* Data to use:
········
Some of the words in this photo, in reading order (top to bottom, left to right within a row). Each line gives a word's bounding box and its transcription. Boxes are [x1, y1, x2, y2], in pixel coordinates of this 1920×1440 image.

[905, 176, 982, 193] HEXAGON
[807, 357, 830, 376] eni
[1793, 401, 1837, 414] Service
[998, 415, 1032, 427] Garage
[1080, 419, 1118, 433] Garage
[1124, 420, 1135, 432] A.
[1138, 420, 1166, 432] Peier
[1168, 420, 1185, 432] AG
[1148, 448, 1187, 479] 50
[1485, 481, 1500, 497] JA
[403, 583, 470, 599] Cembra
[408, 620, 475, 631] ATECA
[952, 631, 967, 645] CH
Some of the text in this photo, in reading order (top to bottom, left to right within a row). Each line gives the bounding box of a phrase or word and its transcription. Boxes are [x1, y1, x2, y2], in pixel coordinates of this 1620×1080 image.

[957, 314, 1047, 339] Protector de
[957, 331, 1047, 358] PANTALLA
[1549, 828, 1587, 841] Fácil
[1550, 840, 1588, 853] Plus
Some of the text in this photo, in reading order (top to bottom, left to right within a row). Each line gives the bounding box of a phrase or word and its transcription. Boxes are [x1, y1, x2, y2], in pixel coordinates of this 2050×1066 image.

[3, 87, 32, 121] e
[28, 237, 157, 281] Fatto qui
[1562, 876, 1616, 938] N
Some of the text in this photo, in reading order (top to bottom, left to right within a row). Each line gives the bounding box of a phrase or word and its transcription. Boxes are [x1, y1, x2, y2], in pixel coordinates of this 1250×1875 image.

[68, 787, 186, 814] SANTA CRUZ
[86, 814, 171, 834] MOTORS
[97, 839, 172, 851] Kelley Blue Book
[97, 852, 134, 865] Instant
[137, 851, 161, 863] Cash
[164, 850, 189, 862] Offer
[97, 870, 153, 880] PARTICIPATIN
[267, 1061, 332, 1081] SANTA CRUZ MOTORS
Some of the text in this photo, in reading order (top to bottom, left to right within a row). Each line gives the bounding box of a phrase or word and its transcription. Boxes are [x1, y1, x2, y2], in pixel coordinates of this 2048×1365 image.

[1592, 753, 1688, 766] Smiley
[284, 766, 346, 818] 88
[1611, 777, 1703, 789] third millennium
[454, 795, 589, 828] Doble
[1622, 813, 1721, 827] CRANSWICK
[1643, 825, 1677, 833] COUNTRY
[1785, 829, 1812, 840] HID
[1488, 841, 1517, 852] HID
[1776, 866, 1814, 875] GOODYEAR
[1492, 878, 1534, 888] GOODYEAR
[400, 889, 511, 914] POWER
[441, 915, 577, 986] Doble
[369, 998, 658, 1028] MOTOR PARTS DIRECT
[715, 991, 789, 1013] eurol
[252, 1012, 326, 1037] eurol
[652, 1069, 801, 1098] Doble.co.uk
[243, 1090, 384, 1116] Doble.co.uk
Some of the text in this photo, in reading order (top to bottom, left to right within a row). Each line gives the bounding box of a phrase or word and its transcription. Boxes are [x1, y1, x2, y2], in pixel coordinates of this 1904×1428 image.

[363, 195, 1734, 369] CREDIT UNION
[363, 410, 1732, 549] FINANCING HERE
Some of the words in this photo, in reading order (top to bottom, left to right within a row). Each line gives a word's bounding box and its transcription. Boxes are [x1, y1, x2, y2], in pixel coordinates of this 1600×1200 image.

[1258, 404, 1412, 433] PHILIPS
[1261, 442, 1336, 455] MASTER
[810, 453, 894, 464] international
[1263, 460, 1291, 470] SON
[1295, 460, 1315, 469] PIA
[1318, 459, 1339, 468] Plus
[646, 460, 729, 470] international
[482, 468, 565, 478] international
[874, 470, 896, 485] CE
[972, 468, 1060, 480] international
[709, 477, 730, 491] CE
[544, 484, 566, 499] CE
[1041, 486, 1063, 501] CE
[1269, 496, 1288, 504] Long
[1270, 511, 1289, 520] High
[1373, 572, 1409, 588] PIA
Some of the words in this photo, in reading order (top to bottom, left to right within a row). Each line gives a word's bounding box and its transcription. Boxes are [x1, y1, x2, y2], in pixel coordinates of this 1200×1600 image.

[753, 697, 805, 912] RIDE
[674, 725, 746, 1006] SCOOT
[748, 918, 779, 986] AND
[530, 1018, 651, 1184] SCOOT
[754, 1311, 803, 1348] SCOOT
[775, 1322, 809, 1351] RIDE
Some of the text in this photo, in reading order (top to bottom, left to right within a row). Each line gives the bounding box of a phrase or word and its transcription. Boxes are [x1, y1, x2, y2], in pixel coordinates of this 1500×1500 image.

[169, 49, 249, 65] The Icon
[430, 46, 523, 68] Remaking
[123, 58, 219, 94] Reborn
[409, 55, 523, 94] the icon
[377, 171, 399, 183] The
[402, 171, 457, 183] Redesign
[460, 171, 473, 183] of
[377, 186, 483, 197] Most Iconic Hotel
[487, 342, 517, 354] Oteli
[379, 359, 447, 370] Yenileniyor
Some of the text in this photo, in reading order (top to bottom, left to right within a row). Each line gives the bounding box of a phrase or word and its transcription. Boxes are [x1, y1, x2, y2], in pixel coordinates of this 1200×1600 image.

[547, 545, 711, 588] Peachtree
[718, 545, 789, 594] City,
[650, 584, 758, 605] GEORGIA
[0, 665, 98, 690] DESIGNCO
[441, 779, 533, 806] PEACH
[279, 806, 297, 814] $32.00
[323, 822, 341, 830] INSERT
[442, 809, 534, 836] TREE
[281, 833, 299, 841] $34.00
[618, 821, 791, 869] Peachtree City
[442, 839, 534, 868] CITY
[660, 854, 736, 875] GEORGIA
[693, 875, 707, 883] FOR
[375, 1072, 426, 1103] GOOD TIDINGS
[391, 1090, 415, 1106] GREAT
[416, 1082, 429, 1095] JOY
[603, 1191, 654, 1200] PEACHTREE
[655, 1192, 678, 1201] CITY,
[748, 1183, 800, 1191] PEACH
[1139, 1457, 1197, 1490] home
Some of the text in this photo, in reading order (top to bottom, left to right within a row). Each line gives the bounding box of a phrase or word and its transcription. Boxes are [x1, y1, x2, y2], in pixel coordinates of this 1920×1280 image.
········
* What is required: Return the data above in full, keeping each line exactly as it stands.

* Solution to the exercise:
Some of the words in this photo, in reading order (top to bottom, left to right within a row). Each line gives a word's bounding box and its transcription. Boxes are [x1, y1, x2, y2], in pixel coordinates of this 1920×1440 image.

[905, 176, 982, 193] HEXAGON
[807, 357, 830, 376] eni
[1793, 401, 1837, 414] Service
[998, 415, 1032, 427] Garage
[1080, 419, 1118, 433] Garage
[1124, 420, 1135, 432] A.
[1138, 420, 1166, 432] Peier
[1168, 420, 1185, 432] AG
[1148, 448, 1187, 479] 50
[1485, 481, 1500, 497] JA
[403, 583, 470, 599] Cembra
[408, 620, 475, 631] ATECA
[952, 631, 967, 645] CH
Some of the text in this photo, in reading order (top to bottom, left to right within a row). Each line gives the bounding box of a phrase or word and its transcription. Boxes are [x1, y1, x2, y2], in pixel coordinates of this 1620×1080 image.

[957, 314, 1047, 339] Protector de
[957, 331, 1047, 358] PANTALLA
[1549, 828, 1587, 841] Fácil
[1550, 840, 1588, 853] Plus
Some of the text in this photo, in reading order (top to bottom, left to right within a row). Each line gives the bounding box of a phrase or word and its transcription. Boxes are [x1, y1, x2, y2], in pixel coordinates of this 2050×1066 image.

[3, 87, 32, 121] e
[28, 237, 157, 281] Fatto qui
[1562, 876, 1616, 938] N
Some of the text in this photo, in reading order (top to bottom, left to right within a row). Each line gives the bounding box of a phrase or word and its transcription. Boxes are [x1, y1, x2, y2], in pixel coordinates of this 1250×1875 image.

[68, 787, 186, 814] SANTA CRUZ
[86, 814, 171, 834] MOTORS
[97, 839, 172, 851] Kelley Blue Book
[97, 852, 134, 865] Instant
[137, 851, 161, 863] Cash
[164, 850, 189, 862] Offer
[97, 870, 153, 880] PARTICIPATIN
[267, 1061, 332, 1081] SANTA CRUZ MOTORS
Some of the text in this photo, in reading order (top to bottom, left to right within a row). Each line gives the bounding box of a phrase or word and its transcription. Boxes are [x1, y1, x2, y2], in pixel coordinates of this 2048×1365 image.

[1592, 753, 1688, 766] Smiley
[284, 766, 346, 818] 88
[1611, 777, 1703, 789] third millennium
[454, 795, 589, 828] Doble
[1622, 813, 1721, 827] CRANSWICK
[1643, 825, 1677, 833] COUNTRY
[1785, 829, 1812, 840] HID
[1488, 841, 1517, 852] HID
[1776, 866, 1814, 875] GOODYEAR
[1492, 878, 1534, 888] GOODYEAR
[400, 889, 511, 914] POWER
[441, 915, 577, 986] Doble
[369, 998, 658, 1028] MOTOR PARTS DIRECT
[715, 991, 789, 1013] eurol
[252, 1012, 326, 1037] eurol
[652, 1069, 801, 1098] Doble.co.uk
[243, 1090, 384, 1116] Doble.co.uk
Some of the text in this photo, in reading order (top to bottom, left to right within a row). Each line gives the bounding box of a phrase or word and its transcription. Boxes are [x1, y1, x2, y2], in pixel coordinates of this 1904×1428 image.

[363, 195, 1734, 369] CREDIT UNION
[363, 410, 1732, 549] FINANCING HERE
Some of the words in this photo, in reading order (top to bottom, left to right within a row). Each line gives a word's bounding box and its transcription. Boxes are [x1, y1, x2, y2], in pixel coordinates of this 1600×1200 image.

[1258, 404, 1412, 433] PHILIPS
[1261, 442, 1336, 455] MASTER
[810, 453, 894, 464] international
[1263, 460, 1291, 470] SON
[1295, 460, 1315, 469] PIA
[1318, 459, 1339, 468] Plus
[646, 460, 729, 470] international
[482, 468, 565, 478] international
[874, 470, 896, 485] CE
[972, 468, 1060, 480] international
[709, 477, 730, 491] CE
[544, 484, 566, 499] CE
[1041, 486, 1063, 501] CE
[1269, 496, 1288, 504] Long
[1270, 511, 1289, 520] High
[1373, 572, 1409, 588] PIA
Some of the words in this photo, in reading order (top to bottom, left to right within a row). Each line gives a word's bounding box and its transcription. Boxes are [x1, y1, x2, y2], in pixel coordinates of this 1200×1600 image.

[753, 697, 805, 912] RIDE
[674, 725, 746, 1006] SCOOT
[748, 918, 779, 986] AND
[530, 1018, 651, 1184] SCOOT
[754, 1311, 803, 1348] SCOOT
[775, 1322, 809, 1351] RIDE
Some of the text in this photo, in reading order (top to bottom, left to right within a row). Each line gives the bounding box of a phrase or word and its transcription. Boxes are [x1, y1, x2, y2], in pixel coordinates of this 1500×1500 image.

[169, 49, 249, 65] The Icon
[430, 46, 523, 68] Remaking
[123, 58, 219, 94] Reborn
[409, 55, 523, 94] the icon
[377, 171, 399, 183] The
[402, 171, 457, 183] Redesign
[460, 171, 473, 183] of
[377, 186, 483, 197] Most Iconic Hotel
[487, 342, 517, 354] Oteli
[379, 359, 447, 370] Yenileniyor
Some of the text in this photo, in reading order (top to bottom, left to right within a row). Each line gives the bounding box of a phrase or word and its transcription. Boxes are [x1, y1, x2, y2], in pixel coordinates of this 1200×1600 image.

[547, 545, 711, 588] Peachtree
[718, 545, 789, 594] City,
[650, 584, 758, 605] GEORGIA
[0, 665, 98, 690] DESIGNCO
[441, 779, 533, 806] PEACH
[279, 806, 297, 814] $32.00
[323, 822, 341, 830] INSERT
[442, 809, 534, 836] TREE
[281, 833, 299, 841] $34.00
[618, 821, 791, 869] Peachtree City
[442, 839, 534, 868] CITY
[660, 854, 736, 875] GEORGIA
[693, 875, 707, 883] FOR
[375, 1072, 426, 1103] GOOD TIDINGS
[391, 1090, 415, 1106] GREAT
[416, 1082, 429, 1095] JOY
[603, 1191, 654, 1200] PEACHTREE
[655, 1192, 678, 1201] CITY,
[748, 1183, 800, 1191] PEACH
[1139, 1457, 1197, 1490] home
Some of the text in this photo, in reading order (top to bottom, left to right within a row). Each line gives the bounding box of a phrase or word and its transcription. Boxes are [x1, y1, x2, y2], in pixel coordinates of this 1920×1280 image.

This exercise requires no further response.